We were fooling around late one night after a considerable amount of wine, and I was lamenting how bad my day had been, how little I’d gotten done, how much a piece of shit I was. Usual writer stuff. Henry stopped me. He got very close to my face and kissed me very gently. He kept his lips close to my face so that they brushed against me while he whispered, Tell me every bad thing you did today. He kissed me lightly and I tried to move toward him. Everything, he said. So I began: I ate pie for breakfast. He bit my bottom lip hard but then licked both my lips. I was instantly wet. What else? he whispered. I procrastinated on the Internet for an hour after that. He took off his belt, flipped me around, and hit me hard once. The sound of it scared and delighted me. He crawled on top of me and brushed the hair away from my ear. What else? I said, I smoked two cigarettes. Oh dear, he said, that’s very, very bad. He went to his drawer and got out an old tie. He tied my hands behind my back and made me kneel on the ground. He hit me twice with the belt. The second time I cried out. He pushed me down so my shoulders were on the ground and my ass was in the air. He put his face beneath me, between my legs, and he licked me from anus to clit, and I cried out again because it felt so good. Then I think he lost his patience with the game and the moaning noises. He fucked me harder than he ever had before, and when he came inside me, he collapsed on top of me, and we both fell down onto his bedroom carpet. He left my hands tied.

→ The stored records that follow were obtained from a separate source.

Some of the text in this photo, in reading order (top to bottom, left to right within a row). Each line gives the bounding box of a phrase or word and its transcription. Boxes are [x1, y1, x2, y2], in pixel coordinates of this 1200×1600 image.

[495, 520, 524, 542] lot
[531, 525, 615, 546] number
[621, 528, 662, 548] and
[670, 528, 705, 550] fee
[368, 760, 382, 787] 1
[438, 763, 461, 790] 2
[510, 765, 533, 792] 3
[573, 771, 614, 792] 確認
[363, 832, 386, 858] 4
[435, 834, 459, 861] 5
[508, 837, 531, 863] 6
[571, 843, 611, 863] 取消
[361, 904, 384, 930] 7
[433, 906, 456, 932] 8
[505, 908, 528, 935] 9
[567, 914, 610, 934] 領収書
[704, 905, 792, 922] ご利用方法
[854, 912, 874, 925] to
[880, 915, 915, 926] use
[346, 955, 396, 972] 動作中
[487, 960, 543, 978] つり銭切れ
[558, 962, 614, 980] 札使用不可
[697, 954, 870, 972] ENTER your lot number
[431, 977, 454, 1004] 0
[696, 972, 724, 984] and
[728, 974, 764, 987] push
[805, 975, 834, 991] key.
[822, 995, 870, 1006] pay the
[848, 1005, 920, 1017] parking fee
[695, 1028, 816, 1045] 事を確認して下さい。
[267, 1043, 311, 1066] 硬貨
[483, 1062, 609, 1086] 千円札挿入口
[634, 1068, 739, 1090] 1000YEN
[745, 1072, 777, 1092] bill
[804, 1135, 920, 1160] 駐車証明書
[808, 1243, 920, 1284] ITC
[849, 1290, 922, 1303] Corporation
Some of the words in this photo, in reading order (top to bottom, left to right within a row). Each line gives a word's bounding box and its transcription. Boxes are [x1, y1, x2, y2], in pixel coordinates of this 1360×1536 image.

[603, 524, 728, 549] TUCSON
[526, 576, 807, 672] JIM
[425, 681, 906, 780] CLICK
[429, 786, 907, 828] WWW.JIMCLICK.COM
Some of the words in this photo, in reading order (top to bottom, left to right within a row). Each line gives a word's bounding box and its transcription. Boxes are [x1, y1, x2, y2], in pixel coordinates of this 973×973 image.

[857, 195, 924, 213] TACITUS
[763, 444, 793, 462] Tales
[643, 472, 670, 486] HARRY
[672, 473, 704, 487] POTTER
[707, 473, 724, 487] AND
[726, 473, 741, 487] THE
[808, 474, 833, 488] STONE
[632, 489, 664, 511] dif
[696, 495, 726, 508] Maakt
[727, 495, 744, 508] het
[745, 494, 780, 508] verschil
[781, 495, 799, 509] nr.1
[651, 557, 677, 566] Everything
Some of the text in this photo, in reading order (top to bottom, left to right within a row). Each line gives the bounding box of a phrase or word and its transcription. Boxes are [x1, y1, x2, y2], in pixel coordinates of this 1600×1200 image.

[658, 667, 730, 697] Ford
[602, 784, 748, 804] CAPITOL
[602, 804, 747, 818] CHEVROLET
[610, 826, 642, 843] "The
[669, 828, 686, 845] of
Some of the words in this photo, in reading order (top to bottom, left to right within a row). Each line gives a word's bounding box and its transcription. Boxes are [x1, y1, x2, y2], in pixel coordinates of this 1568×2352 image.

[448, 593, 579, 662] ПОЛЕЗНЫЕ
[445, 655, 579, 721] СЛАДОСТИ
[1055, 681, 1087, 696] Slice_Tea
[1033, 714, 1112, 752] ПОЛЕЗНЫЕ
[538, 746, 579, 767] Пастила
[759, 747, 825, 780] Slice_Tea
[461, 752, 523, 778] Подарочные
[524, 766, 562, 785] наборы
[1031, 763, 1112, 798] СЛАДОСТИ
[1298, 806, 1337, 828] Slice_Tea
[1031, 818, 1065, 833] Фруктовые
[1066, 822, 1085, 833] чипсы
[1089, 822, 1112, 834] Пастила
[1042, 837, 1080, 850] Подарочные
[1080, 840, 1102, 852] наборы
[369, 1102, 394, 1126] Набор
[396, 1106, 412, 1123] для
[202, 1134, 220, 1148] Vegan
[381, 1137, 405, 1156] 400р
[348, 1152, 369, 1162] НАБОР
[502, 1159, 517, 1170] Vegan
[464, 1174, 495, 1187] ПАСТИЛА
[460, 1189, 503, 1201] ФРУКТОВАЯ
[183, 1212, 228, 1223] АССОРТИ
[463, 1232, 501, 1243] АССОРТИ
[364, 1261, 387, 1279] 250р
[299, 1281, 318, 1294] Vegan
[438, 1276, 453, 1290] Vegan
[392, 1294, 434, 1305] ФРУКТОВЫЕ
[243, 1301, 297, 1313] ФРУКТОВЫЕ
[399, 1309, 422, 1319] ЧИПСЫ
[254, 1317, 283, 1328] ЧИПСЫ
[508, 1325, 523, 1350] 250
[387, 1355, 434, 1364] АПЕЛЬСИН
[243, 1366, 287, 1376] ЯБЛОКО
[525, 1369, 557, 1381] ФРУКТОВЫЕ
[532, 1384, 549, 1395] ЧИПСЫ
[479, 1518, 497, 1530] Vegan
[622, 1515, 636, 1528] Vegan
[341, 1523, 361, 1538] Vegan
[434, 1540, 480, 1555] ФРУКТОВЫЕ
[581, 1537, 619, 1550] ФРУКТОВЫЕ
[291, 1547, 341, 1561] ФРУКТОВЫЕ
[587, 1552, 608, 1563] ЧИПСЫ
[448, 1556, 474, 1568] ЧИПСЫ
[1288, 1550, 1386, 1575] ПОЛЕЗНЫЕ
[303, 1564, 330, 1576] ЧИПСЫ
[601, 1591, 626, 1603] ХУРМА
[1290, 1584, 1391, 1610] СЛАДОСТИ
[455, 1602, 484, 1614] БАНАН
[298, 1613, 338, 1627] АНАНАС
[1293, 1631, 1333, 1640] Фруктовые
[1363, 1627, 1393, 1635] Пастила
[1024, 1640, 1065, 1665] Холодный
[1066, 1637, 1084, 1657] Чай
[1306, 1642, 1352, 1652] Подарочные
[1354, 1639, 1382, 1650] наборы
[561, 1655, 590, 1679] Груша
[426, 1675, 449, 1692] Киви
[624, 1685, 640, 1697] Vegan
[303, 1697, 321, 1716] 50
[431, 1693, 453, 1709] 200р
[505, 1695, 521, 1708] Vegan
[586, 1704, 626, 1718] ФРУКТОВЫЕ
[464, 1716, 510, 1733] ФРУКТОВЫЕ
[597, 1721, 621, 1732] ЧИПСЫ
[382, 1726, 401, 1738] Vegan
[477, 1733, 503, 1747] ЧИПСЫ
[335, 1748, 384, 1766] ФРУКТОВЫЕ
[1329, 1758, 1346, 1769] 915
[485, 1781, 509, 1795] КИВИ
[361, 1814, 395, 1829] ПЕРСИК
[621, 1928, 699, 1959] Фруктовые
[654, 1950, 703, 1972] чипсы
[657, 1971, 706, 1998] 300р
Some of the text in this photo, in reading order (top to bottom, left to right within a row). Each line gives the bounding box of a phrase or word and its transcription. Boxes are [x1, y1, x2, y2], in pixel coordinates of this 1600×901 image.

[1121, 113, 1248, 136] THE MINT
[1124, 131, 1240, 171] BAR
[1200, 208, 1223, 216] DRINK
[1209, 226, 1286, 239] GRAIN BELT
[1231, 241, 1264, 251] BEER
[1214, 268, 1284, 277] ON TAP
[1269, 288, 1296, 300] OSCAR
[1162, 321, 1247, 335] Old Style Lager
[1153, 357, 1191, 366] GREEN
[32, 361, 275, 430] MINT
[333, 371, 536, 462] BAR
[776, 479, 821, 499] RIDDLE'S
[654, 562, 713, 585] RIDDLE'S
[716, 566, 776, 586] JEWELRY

We sometimes called this little game what did you do? I was allowed to say anything during these games, and Henry would never bring it up outside the game. The punishments were mostly of a sexy nature. They rarely hurt or left a mark. Often I felt refreshed or cleansed after we played. I don’t know if catharsis is real, but I swear I felt the guilt sloughing off me like dead skin after we fucked like this. Sometimes I wanted to say the real stuff, not the petty things I knew I shouldn’t be doing (smoking cigarettes, drinking during the day, buying lottery tickets, eating Taco Bell) but the stuff I carried around. How I’d lost Dee, and Leif, and Erik, how I’d given up on writing, and mostly on living. How I wanted to live stagnantly, dumbly, mutely, like a fish in a glass bowl or a mosquito larva hatched into a dirty puddle and doomed to stay a larva living out its days in muck, because that’s what I believed I deserved. Sometimes I wondered if the real punishment for these things should be death. That, I would think, only seemed fair. I remembered what the serial killer had said when he’d finally been caught. I should be dead for what I’ve done.